Your goal: All records should be reproduced verbatim.

+ + + +

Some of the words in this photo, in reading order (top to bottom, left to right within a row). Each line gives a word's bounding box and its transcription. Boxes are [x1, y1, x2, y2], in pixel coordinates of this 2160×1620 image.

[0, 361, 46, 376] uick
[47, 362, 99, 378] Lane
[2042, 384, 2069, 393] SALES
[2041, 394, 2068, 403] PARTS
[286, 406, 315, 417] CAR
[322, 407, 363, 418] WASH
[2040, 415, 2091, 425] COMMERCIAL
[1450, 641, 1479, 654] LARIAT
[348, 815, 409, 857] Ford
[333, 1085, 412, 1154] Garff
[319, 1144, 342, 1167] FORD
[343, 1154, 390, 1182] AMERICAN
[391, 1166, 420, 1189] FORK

+ + + +

Response for this exercise:
Some of the words in this photo, in reading order (top to bottom, left to right within a row). Each line gives a word's bounding box and its transcription. Boxes are [x1, y1, x2, y2], in pixel coordinates of this 2160×1620 image.

[0, 361, 46, 376] uick
[47, 362, 99, 378] Lane
[2042, 384, 2069, 393] SALES
[2041, 394, 2068, 403] PARTS
[286, 406, 315, 417] CAR
[322, 407, 363, 418] WASH
[2040, 415, 2091, 425] COMMERCIAL
[1450, 641, 1479, 654] LARIAT
[348, 815, 409, 857] Ford
[333, 1085, 412, 1154] Garff
[319, 1144, 342, 1167] FORD
[343, 1154, 390, 1182] AMERICAN
[391, 1166, 420, 1189] FORK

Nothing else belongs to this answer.